這些病人都是活招牌,尤其是辛老,更多病人在得知辛老身患幾種癌癥后情況還大幅度好轉后,也紛紛一涌而來,每天都將醫館門口堵得水泄不通。
何信只能勸離一部分沒有掛號的病人,畢竟小師姐延長坐診時間一天也最能多看三十個多出來的病號。但好多病人不愿離開,抱著僥幸心理等著,萬一能再多看幾個呢。
除了傻瓜式的蹲守,還有許多人求爺爺告奶奶的托關系來找白蘇看病,比如王婆婆娘家表妹的姨母的兒媳的娘家的拐了十八道彎兒的親戚,還有白蘇小學老師的婆婆的大嫂的女兒的婆婆,甚至還有人聯系到檀越、程冬冬的手機上。
“檀越,咱們兩家是世家,聽說你和白醫生關系斐然,能否幫忙說一聲行個方便”
“檀越,我與你們家都有意競爭一個a城的地皮,這次我們家退出,只要能給我們家癌癥老太太見一面白醫生的機會就行。
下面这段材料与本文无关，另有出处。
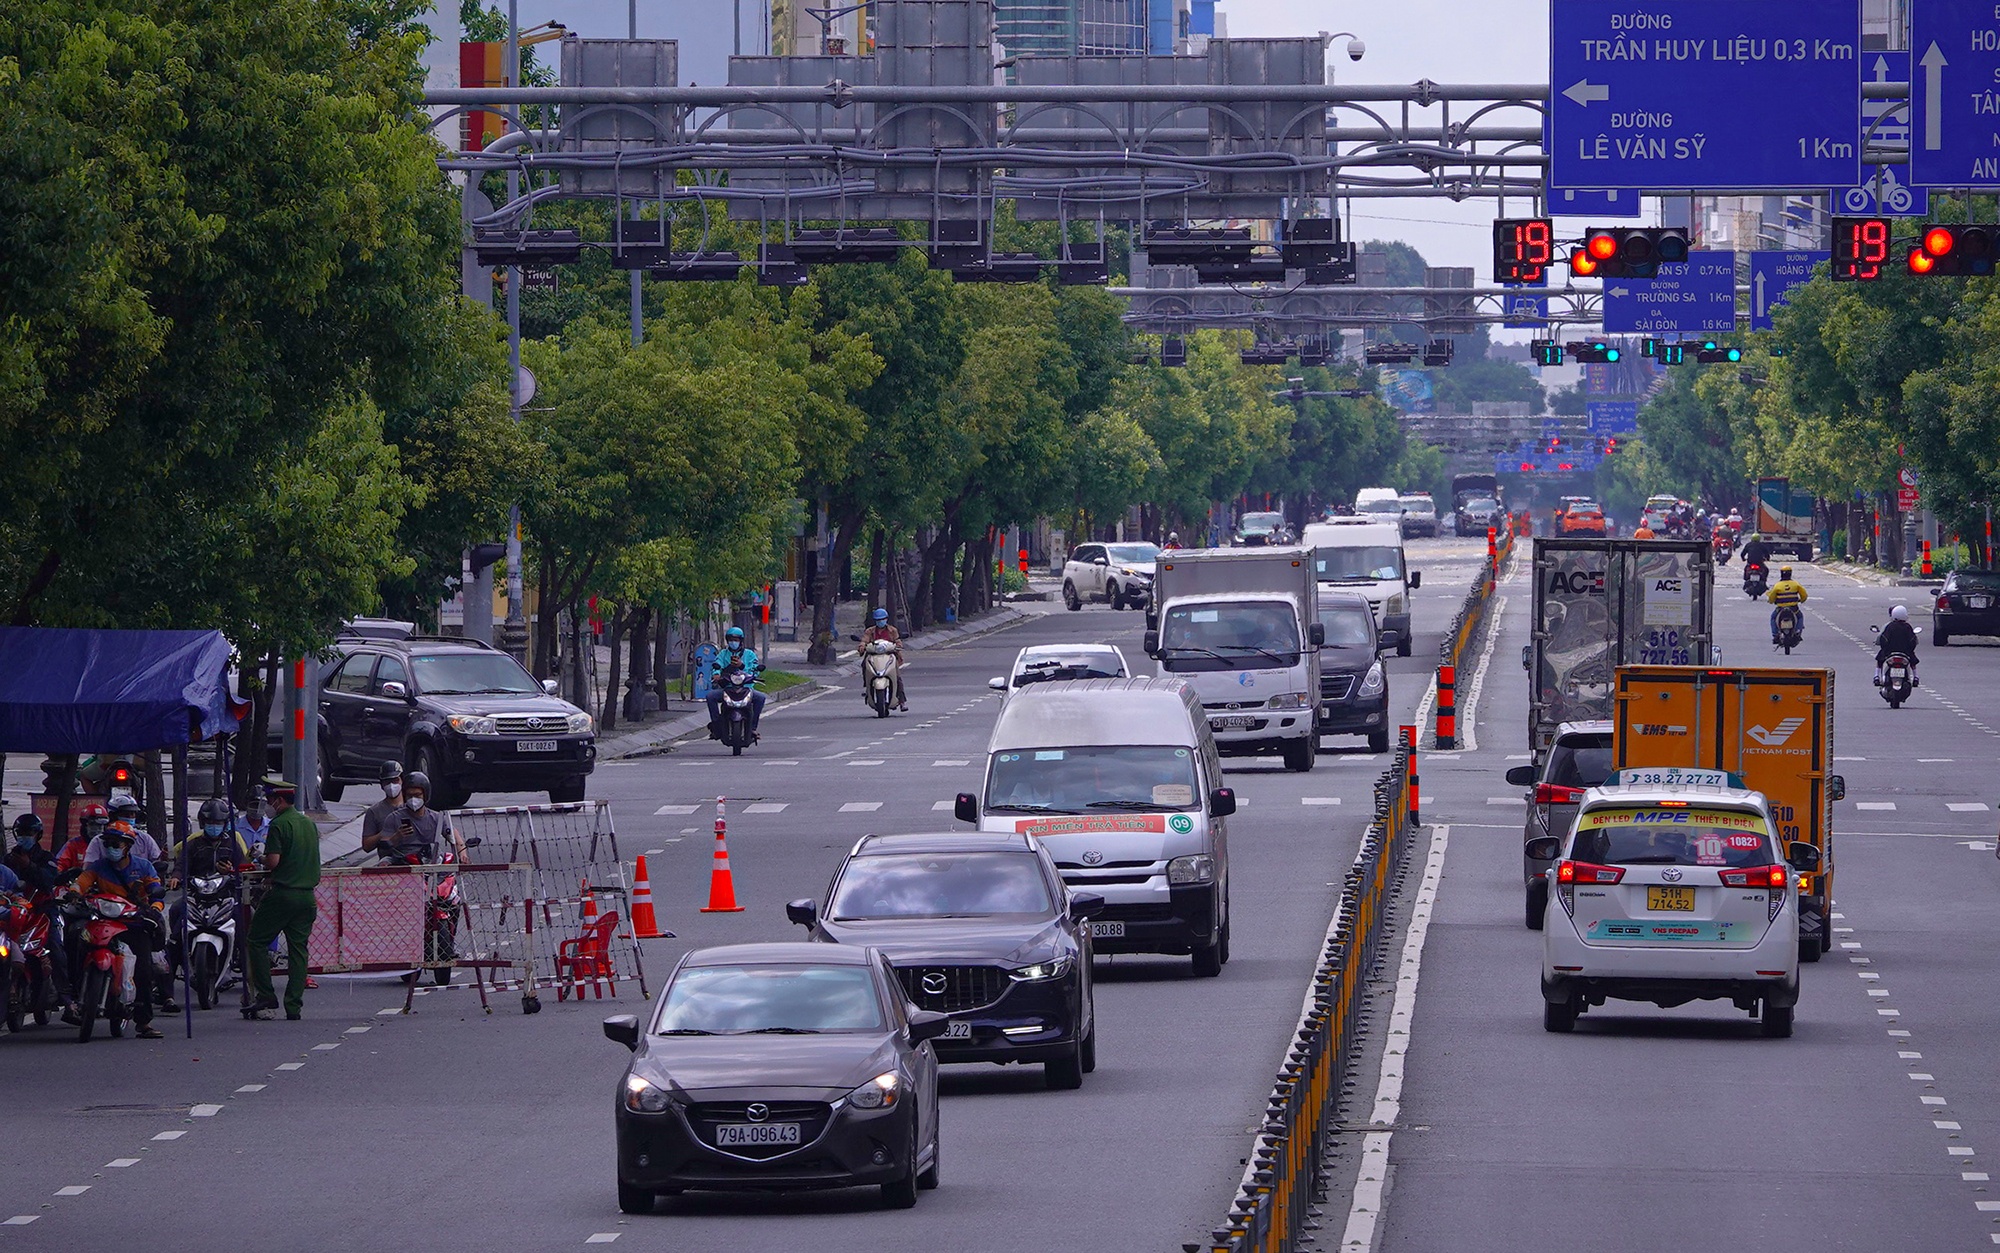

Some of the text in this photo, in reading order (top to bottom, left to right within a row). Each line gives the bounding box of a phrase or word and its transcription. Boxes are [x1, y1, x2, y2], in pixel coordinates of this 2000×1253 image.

[1611, 10, 1672, 30] ĐƯỜNG
[1971, 30, 2000, 51] HO
[1581, 31, 1852, 66] TRẦN HUY LIỆU 0,3 Km
[1611, 108, 1673, 128] ĐƯỜNG
[1579, 133, 1852, 160] LÊ VĂN SỸ 1 Km
[1516, 222, 1550, 263] 19
[1852, 221, 1886, 262] 19
[1716, 265, 1732, 275] Km
[1776, 263, 1804, 275] HOÀNG
[1651, 281, 1680, 290] ĐƯỜNG
[1636, 290, 1732, 302] TRƯỜNG SA 1 Km
[1635, 318, 1653, 330] SÀI
[1656, 318, 1678, 330] GÒN
[1716, 320, 1732, 330] Km
[1549, 572, 1604, 594] ACE
[1654, 580, 1682, 592] ACE
[1650, 631, 1678, 647] 51C
[1640, 650, 1689, 666] 727.56
[1643, 724, 1668, 736] EMS
[1644, 774, 1722, 785] 38.27 27 27
[1174, 818, 1188, 828] 09
[1613, 815, 1630, 823] LED
[1633, 812, 1690, 824] MPE
[1730, 836, 1757, 848] 10821
[1660, 888, 1682, 899] 51H
[1653, 900, 1689, 910] 714.52
[720, 1126, 797, 1144] 79A-096.43
”
白蘇聽到檀越收到的語音后,有些詫異,這些人還真挺會找關系的,不過他們卻不知道自己找的人才是真正的大佬。
不過找她,她也會同意的,“讓他們過來為了地皮,可以抽時間多看幾個。”
程冬冬舉了舉手,“師父,我這里也有,我媽曾經老死不相往來的閨蜜都找上門來道歉求助了。”
“我在
國外的朋友也想找你調理經期,不過我都拒了。”姜芝芝覺得師父是那些癌癥病人的希望,還是不要讓這種小毛病來占用公共資源了。
另外寧遠那兒還有許多聯系不上檀越的人發的消息寧助理,我們愿意付高昂掛號費,五十萬、一百萬、五百萬都可以,只要讓我們提前見白醫生一面就行。”
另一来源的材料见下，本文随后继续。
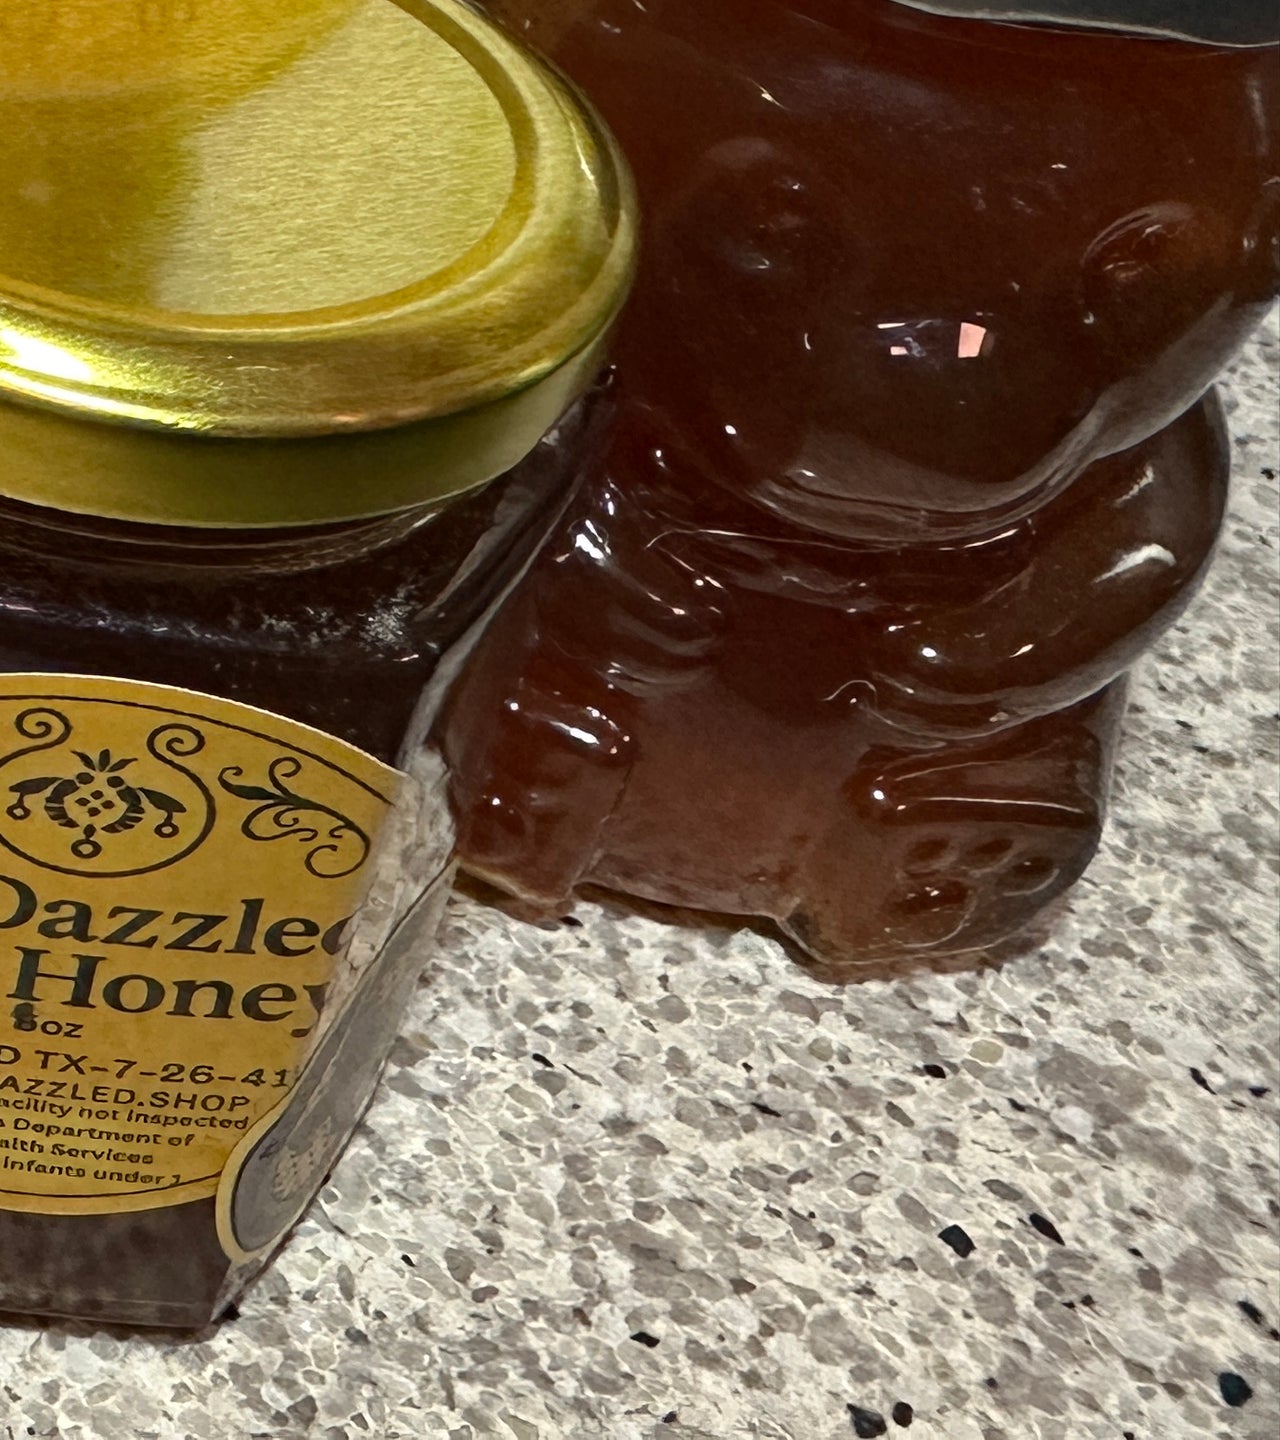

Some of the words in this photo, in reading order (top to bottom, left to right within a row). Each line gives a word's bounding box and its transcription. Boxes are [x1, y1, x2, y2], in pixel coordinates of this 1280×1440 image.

[13, 1117, 161, 1144] Department
[167, 1133, 195, 1147] of
[79, 1107, 120, 1122] not
[126, 1109, 249, 1130] inspected
[3, 1157, 85, 1178] infants
[93, 1163, 171, 1186] under
除了這些不差錢的大佬,另外還有一些德高望重的領導們,他們從古老爺子、金老、辛老等人的關系處打聽過來,表示愿意多付錢也想盡快看病。
他們已經盡力去搶號,可一天就一百個號,縱然提前放出七天的號,他們也根本搶不到,想花錢買號也沒人愿意出,讓去門口守一天他們也沒時間,只能試試砸錢了。
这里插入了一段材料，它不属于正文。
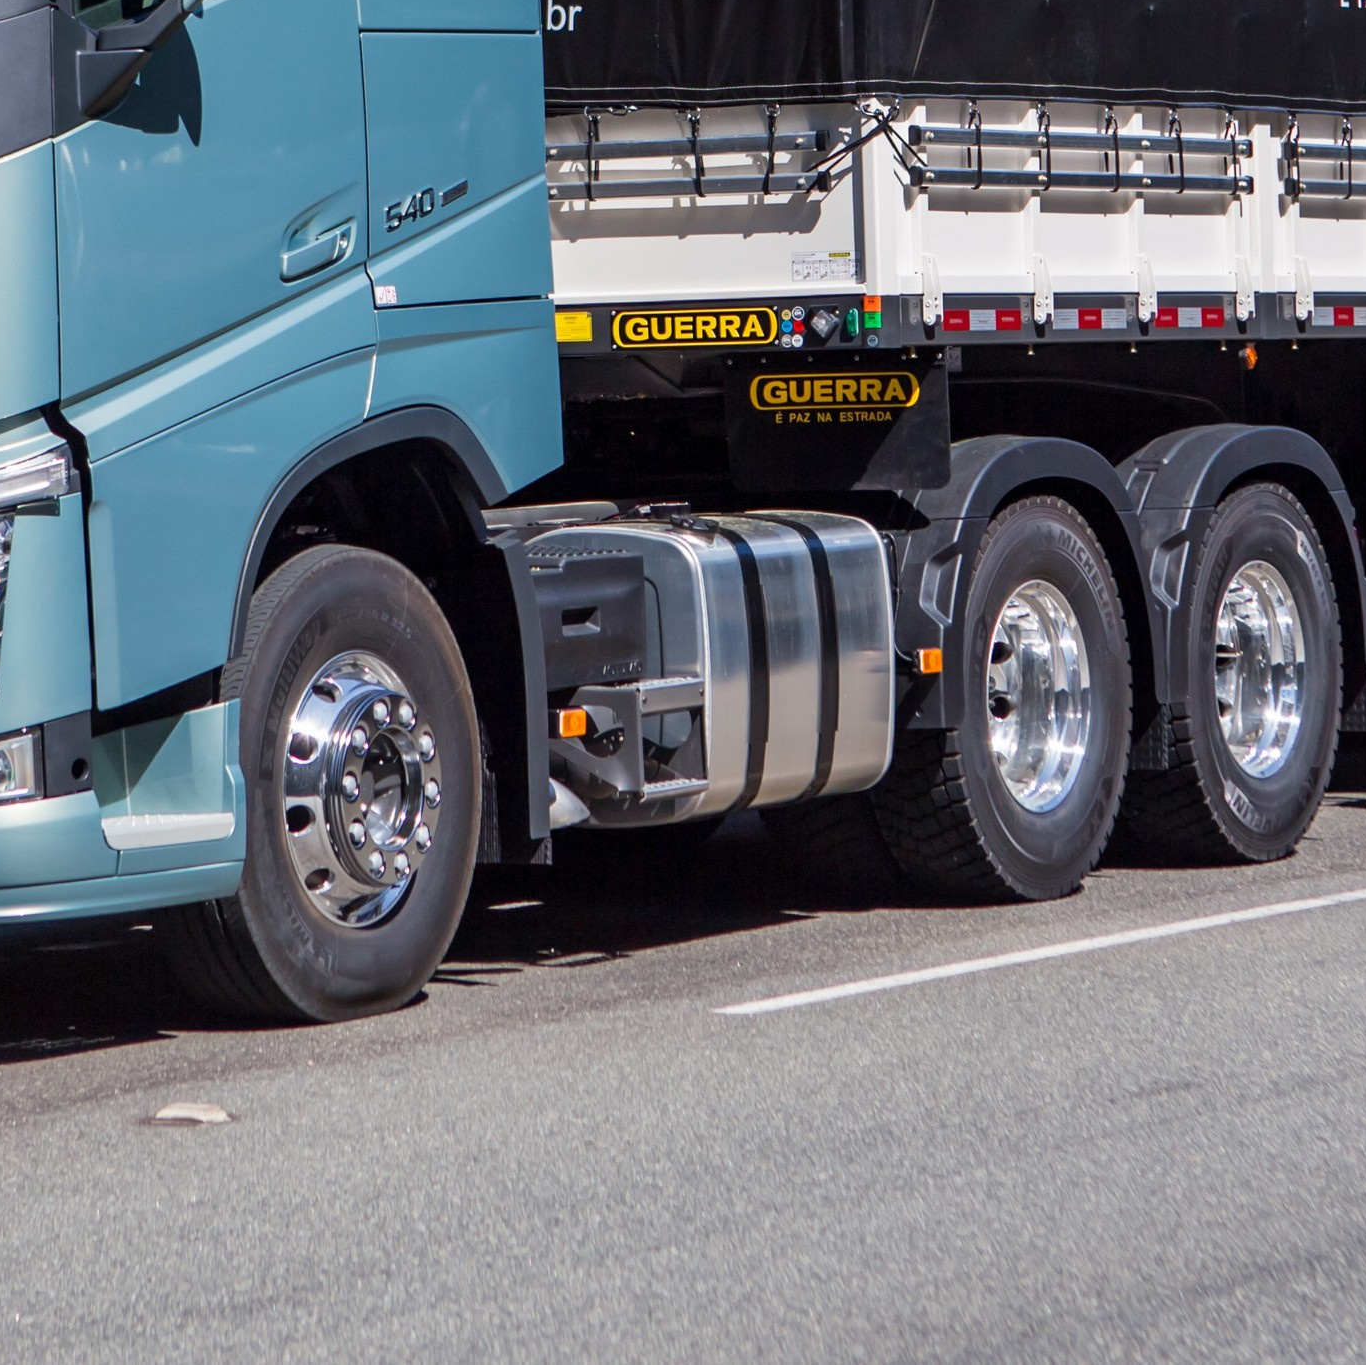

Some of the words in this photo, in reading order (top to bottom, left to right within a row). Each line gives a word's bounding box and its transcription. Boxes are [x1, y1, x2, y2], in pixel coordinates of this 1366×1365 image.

[384, 187, 435, 233] 540
[625, 314, 765, 342] GUERRA
[763, 378, 907, 404] GUERRA
[775, 411, 783, 423] É
[789, 412, 811, 423] PAZ
[817, 412, 833, 422] NA
[840, 411, 893, 423] ESTRADA
[1058, 528, 1116, 631] MICHELIN
因為護著白蘇的人太多了,他們都不敢胡來,所以都說得很委婉。
白蘇一開始只想著檀越、辛老、王婆婆他們的朋友可以幫忙看看,只是幾個也耽擱不了多長時間,但有一就有二,后面托關系的越來越多。
給這個看了不給另一個看又不太好,不勝其煩的她最終決定開一個號,每天十個,掛號費十萬,早上八點前在醫館后面的精致單人間病房里幫他們看診。
之后白蘇明面上就不再幫托關系的人看診,直接指路號,高昂的掛號費嚇跑了一些病情不嚴重卻想攀關系的人,剩下的病情嚴重、或是不缺錢急需看診的病人也多了一線機會。
雖然減少了攀關系的病人,但門外等著的病人還是極多,甚至還有為了搶占位置、直接在屋檐下打地鋪、排隊求治的癌癥病人家屬。
白蘇擔心大家生病,“夜里很冷的,你們還是找地方住吧。”
“我們定了住處的,待會兒也有人來輪換。”病人家屬搓著手,不好意思的笑了笑,“我們實在是搶不到號,只能排你傍晚額外單獨加的號了。”
白蘇看大家不愿意離開,輕輕嘆了口氣,回屋讓何信煮了姜棗茶出來,另外再放了幾個取暖器在外面,以免凍病了。
然后還難得的主動聯系了趙教授,希望趙教授那邊能盡快實驗出結果,但聯系趙教授后,得知還要等過完年之后才能有拿到最準確的數據結果。
“離過年還有半個月,應該快了。”白蘇輕聲感慨,“等確認有用后大面積使用,大家也不用這么著急熬夜排隊。”
聽著外面許多病人家屬熬夜排隊,檀越摩挲了下手指,“我明日幫你看診吧。”
白蘇詫異看著工作很忙的師兄,“師兄,你工作處理完了”
檀越頷首“差不多處理好了。”
“那明天就去早點看完讓他們都早些回家過年。”白蘇確認不耽擱檀越的事情后,立即應下來,生怕說慢了壯丁就又跑了。
檀越抬手揉了揉她的頭,“放心,我不跑。”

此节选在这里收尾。